Ironi Anak Sebagai Target Pasar
A A A
Dr Edy Purwo Saputro SE MSi
Dosen Pascasarjana di Universitas Muhammadiyah Solo

DUNIA anak tidak lagi dianggap sebagai ceruk kecil pasar, tetapi sudah menjadi target pasar yang harus digarap untuk memberikan profit bagi korporasi. Hal ini tentu sah dalam kepentingan usaha, tetapi di sisi lain, eksploi­tasi anak mengonsumsi produk ditawarkan justru menjadi perhatian riil bagi banyak pihak. Hal ini dianggap serius agar anak-anak tidak terjerumus konsumerisme.

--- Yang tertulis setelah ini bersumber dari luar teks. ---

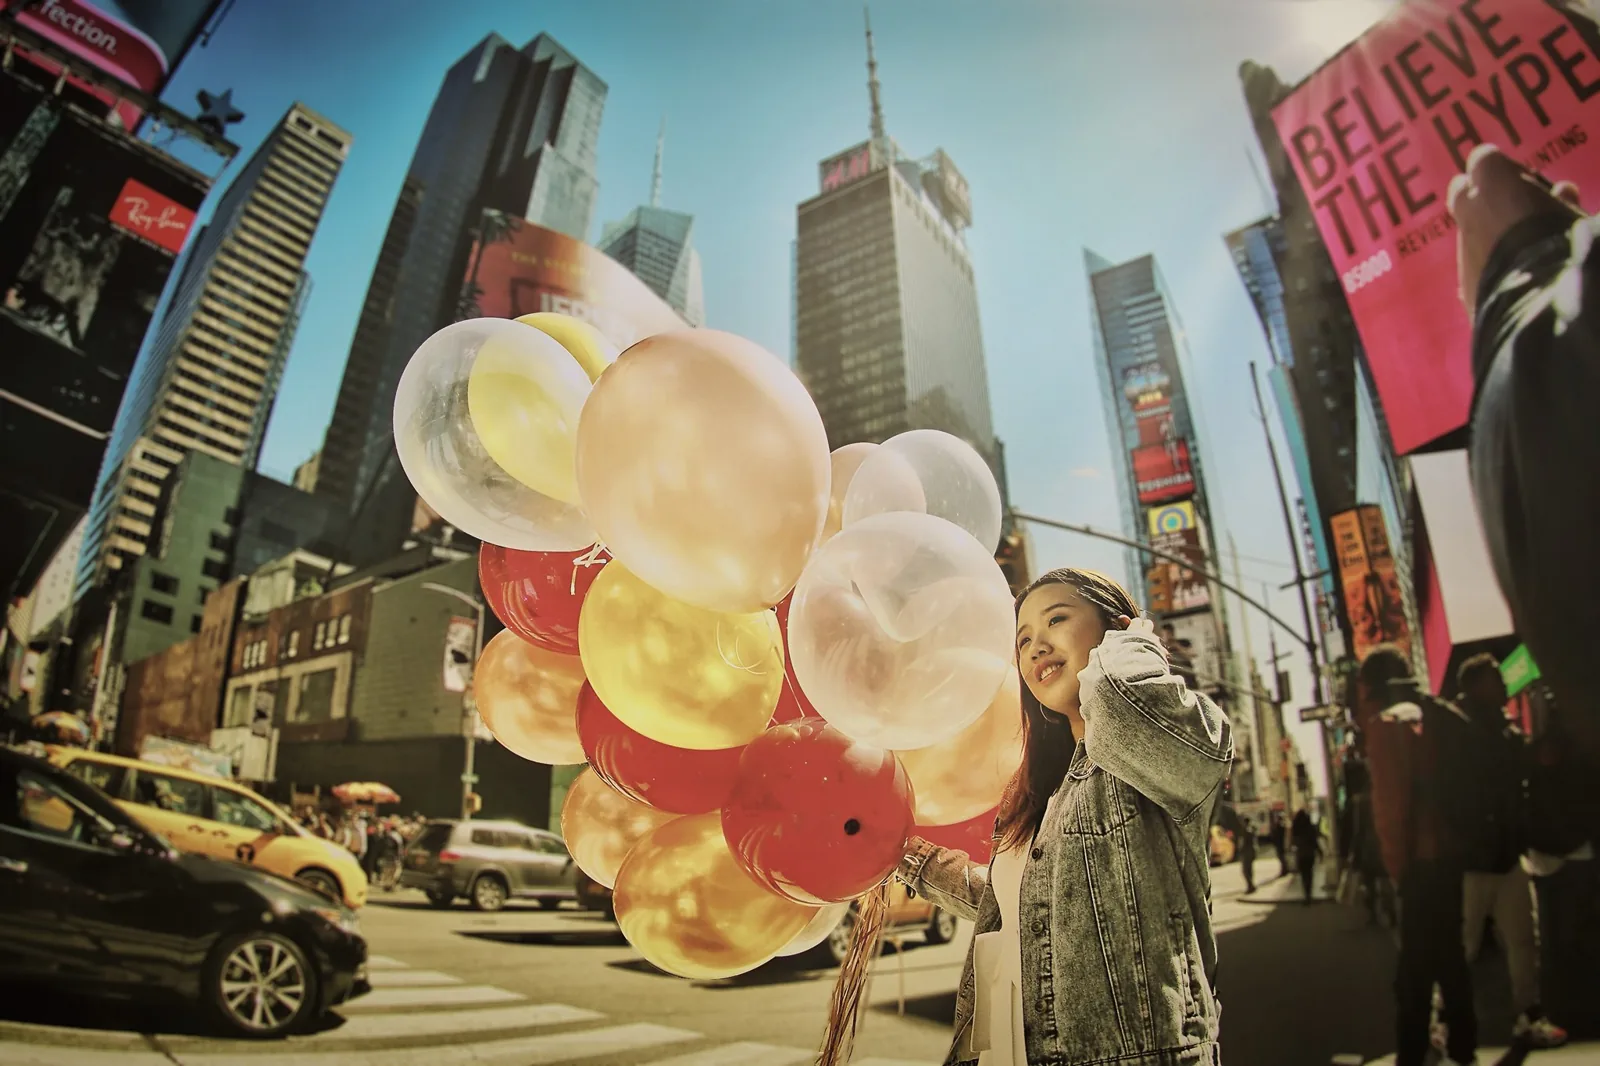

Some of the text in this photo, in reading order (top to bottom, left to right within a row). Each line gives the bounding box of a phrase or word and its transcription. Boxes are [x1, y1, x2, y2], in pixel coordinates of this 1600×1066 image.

[38, 0, 117, 55] fection.
[1290, 0, 1522, 191] BELIEVE
[1314, 23, 1600, 257] THE HYPE
[124, 196, 187, 233] Ray-Ban
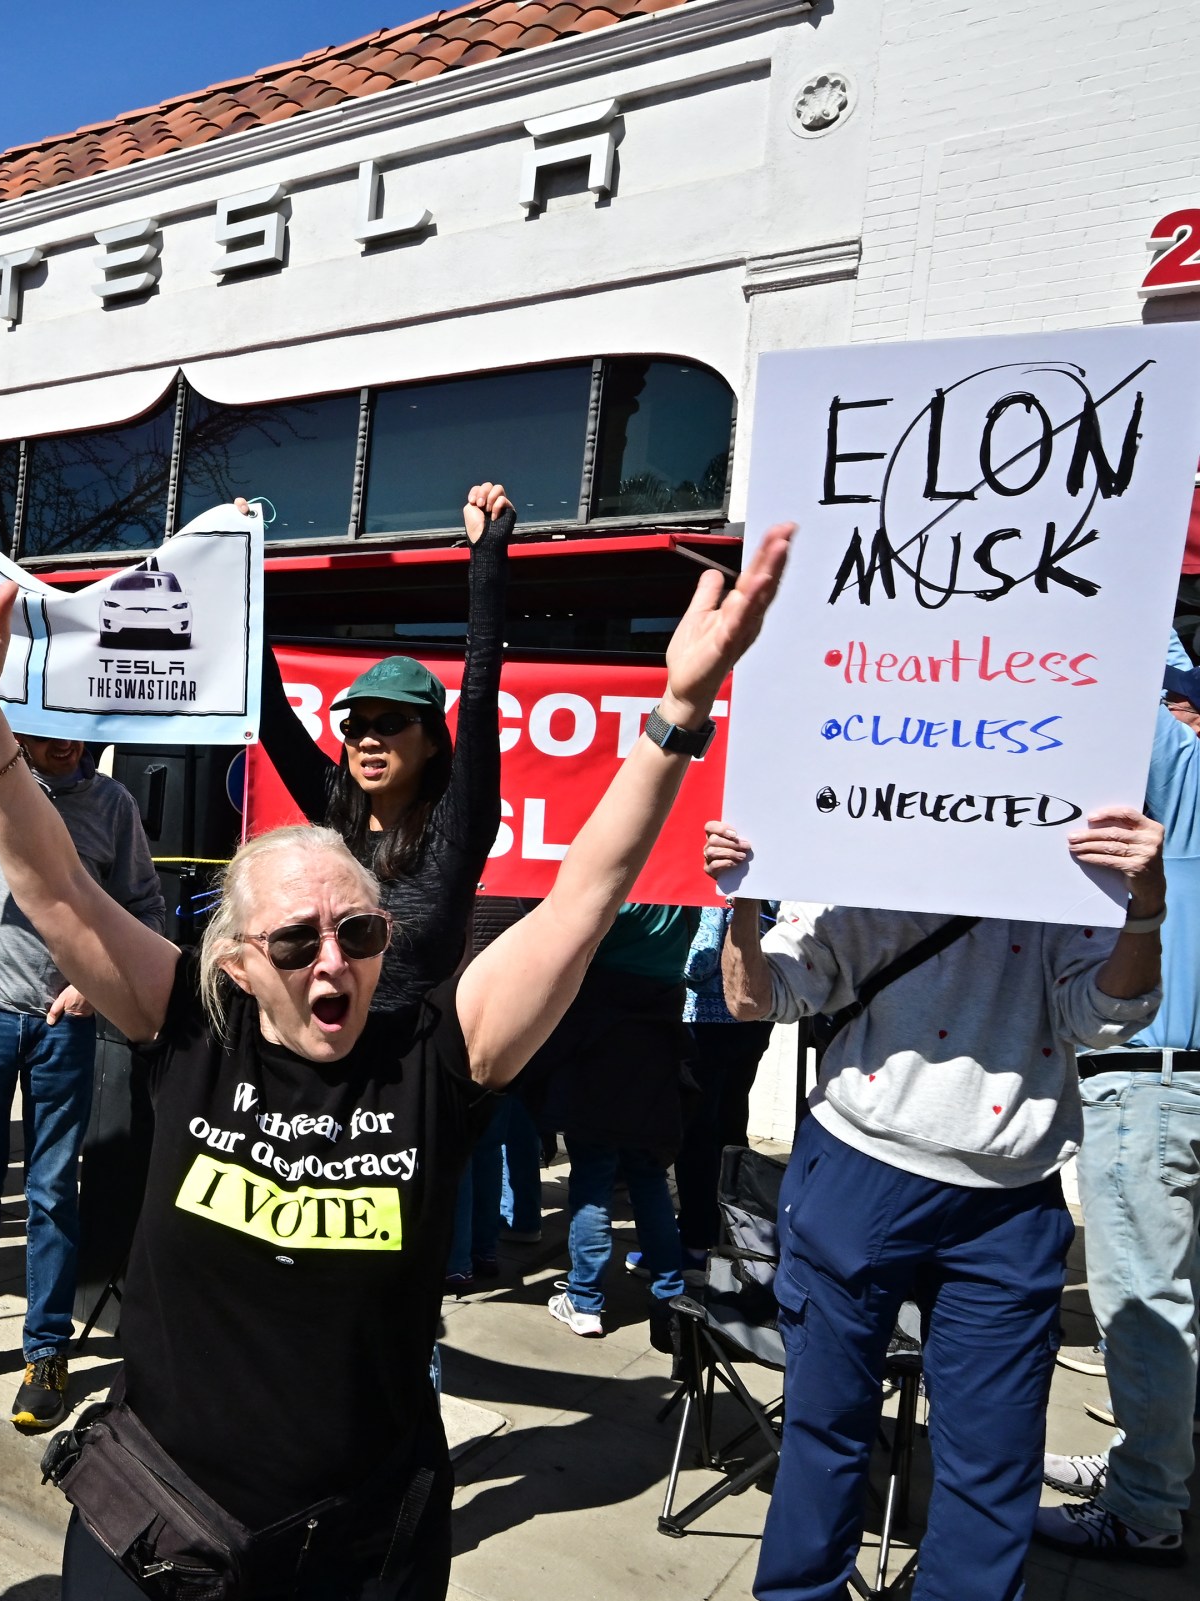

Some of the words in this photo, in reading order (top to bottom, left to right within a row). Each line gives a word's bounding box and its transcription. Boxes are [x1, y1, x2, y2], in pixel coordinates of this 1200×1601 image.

Eksploitasi ini bisa dikonotasikan sebagai bentuk kekerasan terhadap anak. Padahal tema Hari Anak Nasional 2017 adalah ”Perlindungan Anak Di­mulai Dari Keluarga”. Persepsi bahwa anak-anak tidak lagi diasumsikan sebagai objek pasar menjadi acuan penting dari tema Hari Anak Nasional 2017, apalagi dikaitkan anak-anak sebagai target pasar narkoba. Hal ini tidak terlepas dari semakin banyak korban anak-anak terjerumus narkoba. Data menunjukkan 70% dari 4 juta pecandu narkoba adalah anak-anak usia 14-20 tahun. Padahal mereka adalah usia produktif. Fakta ini tentu sangat ironis dan mengkhawatirkan bagi generasi mendatang.

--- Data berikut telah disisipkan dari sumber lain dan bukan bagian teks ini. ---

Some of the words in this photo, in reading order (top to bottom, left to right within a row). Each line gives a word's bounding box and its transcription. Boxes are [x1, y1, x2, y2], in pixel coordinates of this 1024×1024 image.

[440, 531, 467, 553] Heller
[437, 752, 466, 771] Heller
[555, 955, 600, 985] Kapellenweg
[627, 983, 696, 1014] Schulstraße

Begitu besar potensi pasar anak-anak, tidak hanya di Indonesia, tetapi juga di berbagai negara beralasan jika dunia usaha bersemangat membuat segmentasi pasar anak-anak. Dalam teoritis pemasaran, segmentasi yang tepat harus dilanjutkan dengan penetapan targeting yang bisa difokuskan terkait aspek demografis dan geografis, termasuk juga pendidikan, sosial budaya, dan lifestyle. Selanjutnya dilakukan positioning dengan tepat sehingga tujuan segmentasi tercapai, terutama terkait omzet dan target pasarnya.

Oleh karena itu, eksploitasi pasar anak juga merefleksikan kekerasan terhadap anak dengan asumsi anak-anak sebagai objek semata, sementara peran sebagai subjek cenderung diabaikan. Hal ini terutama terjadi di perkotaan, sementara kasus yang di perdesaan cenderung masih rendah, meski tidak tertutup kemungkinan menjadi ancaman dalam konteks jangka panjang.

Serius

Salah satu riset yang menarik dipaparkan bahwa anak-anak usia 4-12 tahun ternyata dapat menjadi sumber investasi terbesar dari pasar industri dan besarnya bisa mencapai Rp5 triliun per tahun. Hal ini didasarkan hasil survei Frontier Marketing and Reseach Consultant (FMRC) atas segmen anak-anak yang disebut ”Kids Market Survey” beberapa waktu lalu di lima kota besar yang melibatkan responden 2.500 anak dan responden ibu 1.500 orang di Jakarta, Bandung, Semarang, Surabaya, dan Medan.

Hasil itu menjadi sangat besar jika dikaitkan kondisi riil saat ini. Oleh karena itu, beralasan jika kini dunia anak-anak menjadi market share yang sangat potensial digarap secara riil dan lebih serius lagi. Sebab keberadaan mereka tidak lagi dianggap sebagai ceruk, tetapi justru berubah menjadi market share. Artinya, tanpa disadari ini adalah bentuk eksploitasi dan kekerasan terhadap anak dalam konteks pemasaran.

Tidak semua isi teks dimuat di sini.